Given a sorted linked list, delete all duplicates such that each element appear only once.
For example,
Given 1->1->2, return 1->2.
Given 1->1->2->3->3, return 1->2->3.

Solution1：Iterative 依次比较 实时删除重复的

思路1_a：cur和prev相比较，若相同则delete cur；Note: 不应创建dummy从而从第一位开始，因为加入dummy的值可能影响重复，所以直接从第二位list开始。
思路1_b：cur和cur.next相比较
Time Complexity: O(N) Space Complexity: O(1)

Solution2：Iterative Two pointers "复写" (连接不重复的)

思路类似26题 http://www.jianshu.com/p/08a020a51fb3
Time Complexity: O(N) Space Complexity: O(1)

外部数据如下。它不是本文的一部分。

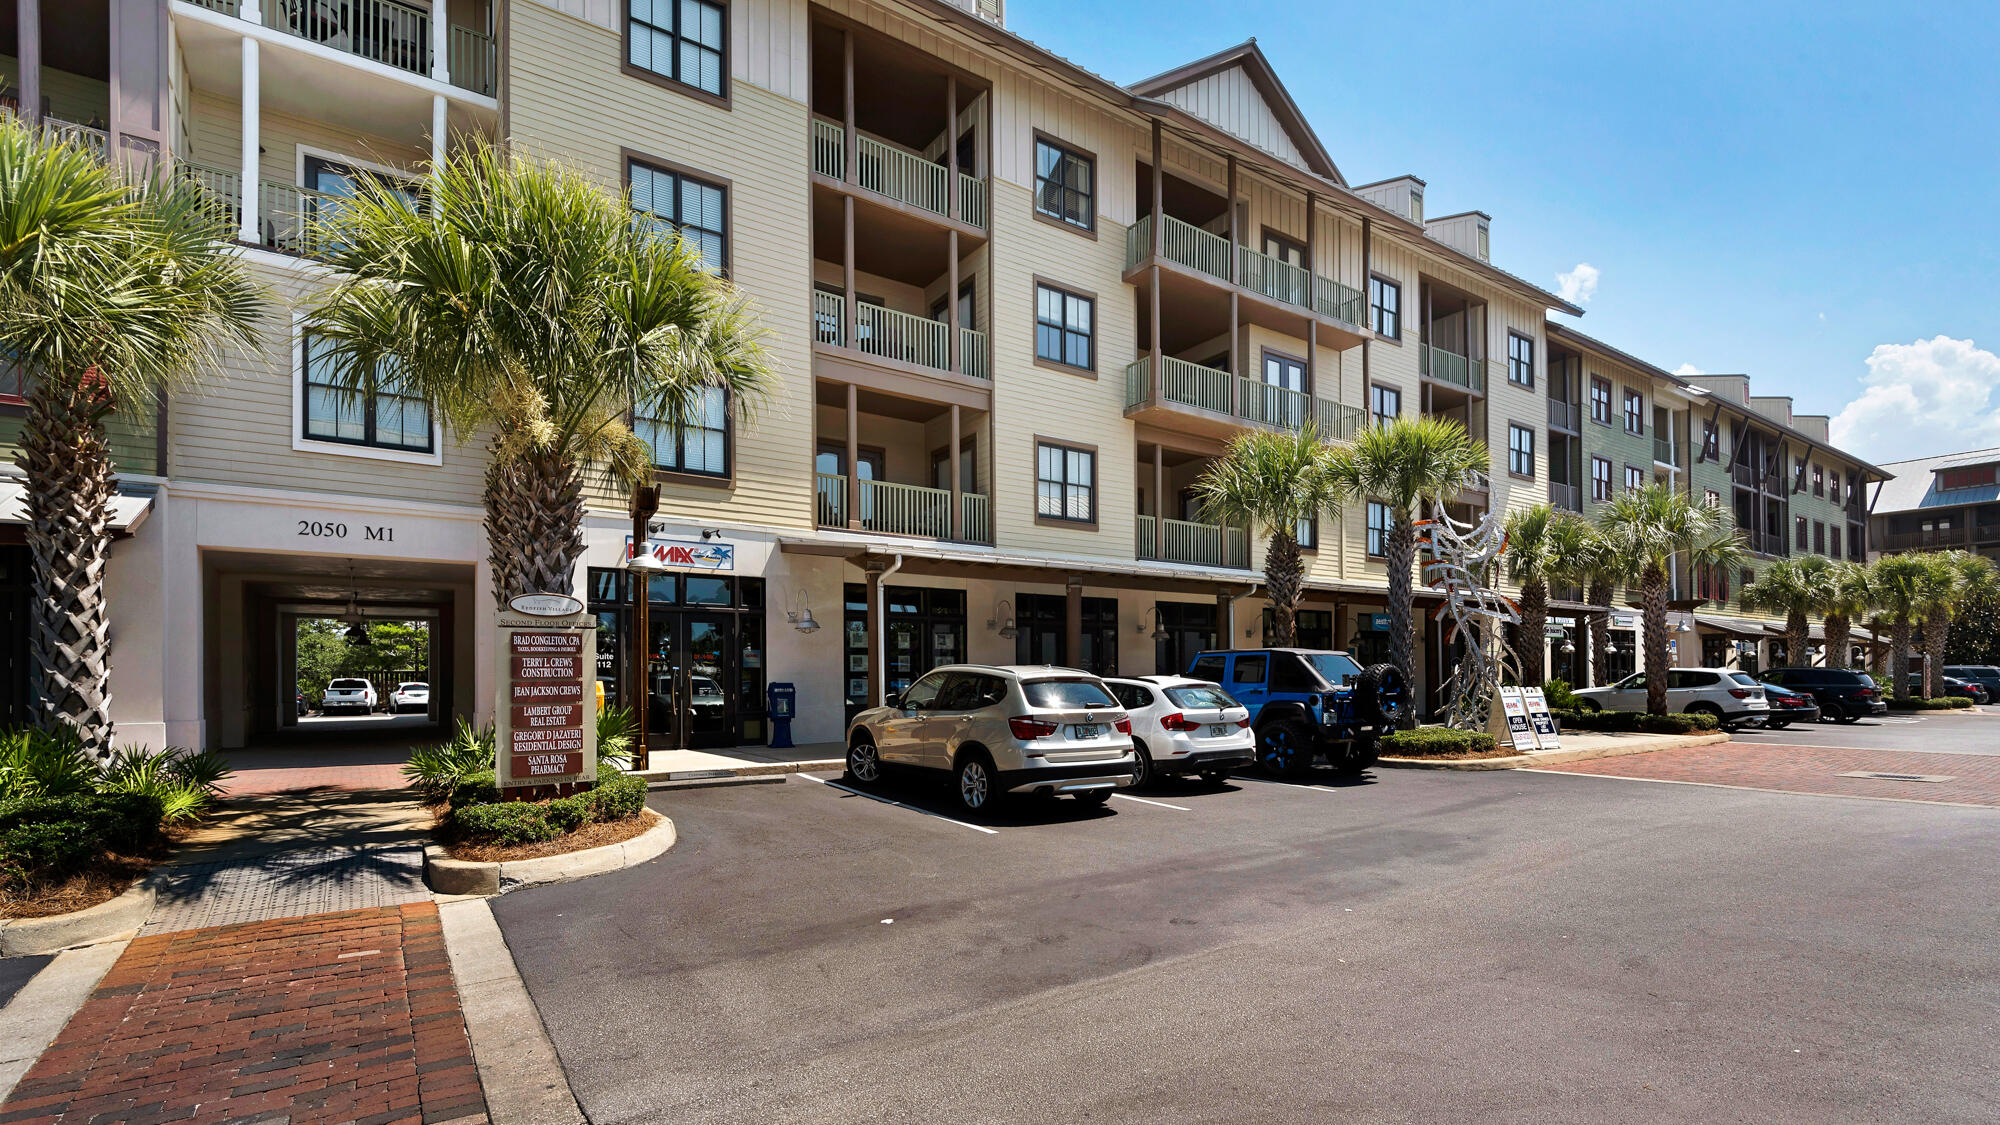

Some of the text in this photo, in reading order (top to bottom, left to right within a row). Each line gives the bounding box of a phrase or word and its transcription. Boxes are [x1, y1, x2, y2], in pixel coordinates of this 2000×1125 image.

[298, 520, 394, 542] 2050 M1
[500, 618, 533, 626] SECOND
[561, 619, 592, 627] OFFICES
[513, 635, 580, 646] BRAD CONGLETON, CPA
[595, 652, 614, 660] Suite
[522, 657, 573, 667] TERRY L. CREWS
[597, 660, 612, 668] 112
[521, 667, 574, 678] CONSTRUCTION
[514, 685, 581, 698] JEAN JACKSON CREWS
[523, 705, 573, 716] LAMBERT GROUP
[530, 716, 567, 727] REAL ESTATE
[1512, 716, 1523, 724] OPEN
[1511, 723, 1528, 731] HOUSE
[513, 729, 581, 741] GREGORY D JAZAYERI
[513, 739, 582, 752] RESIDENTIAL DESIGN
[527, 754, 568, 765] SANTA ROSA
[530, 764, 565, 775] PHARMACY

Solution3：Recursive 先序/后序 写法

思路3_a：递归。先序处理当前，再递归
思路3_b：递归。先递归，后序处理当前
Time Complexity: O(N) Space Complexity: O(N) 递归缓存

Solution1a Code：

class Solution1a {
    public ListNode deleteDuplicates(ListNode head) {
        if(head == null) return head;
        // if(head == null || head.next == null) return head;
        
        ListNode prev = head;
        ListNode cur = head.next;
        
        while(cur != null) {
            ListNode next_save = cur.next;   // for full delete
            if(cur.val == prev.val) {
                prev.next = cur.next;   
                cur.next = null;    // for full delete
            }
            else {
                prev = cur;
            }
            cur = next_save;
        }
        return head;
    }
}

Solution1b Code：

class Solution1b {
    public ListNode deleteDuplicates(ListNode head) {
        if(head == null) return head;
        
        ListNode cur = head;
        while(cur.next != null) {
            if(cur.val == cur.next.val) {
                ListNode save_next = cur.next; // for fully deletion
                cur.next = cur.next.next;
                save_next.next = null;  // for fully deletion
            }
            else {
                cur = cur.next;
            }
        }
        return head;
    }
}

Solution2 Code：

public class Solution {
    public ListNode deleteDuplicates(ListNode head) {
        if(head==null || head.next == null) return head;
        
        ListNode new_cur = head;
        ListNode cur = head.next;
        while(cur != null) {
            if(cur.val != new_cur.val) {
                new_cur.next = cur;
                new_cur = cur;
            }
            // ListNode save_next = cur.next;   [for fully deletion]
            // cur.next = null;
            // cur = save_next;
            cur = cur.next;
        }
        new_cur.next = null;   //cut
        
        return head;
    } 
}

Solution3a Code：

public class Solution {
    public ListNode deleteDuplicates(ListNode head) {
        if(head == null || head.next == null) return head;
        
        if(head.next.val == head.val) { // if duplicated
            head.next = head.next.next;
            head = deleteDuplicates(head); //restart
        }
        else {  // if not duplicated
            head.next = deleteDuplicates(head.next); // move next
        }
        return head;
    } 
}

Solution3b Code：

public class Solution {
    public ListNode deleteDuplicates(ListNode head) {
        if(head == null || head.next == null) return head;
        head.next = deleteDuplicates(head.next);
        return head.val == head.next.val ? head.next : head;
    } 
}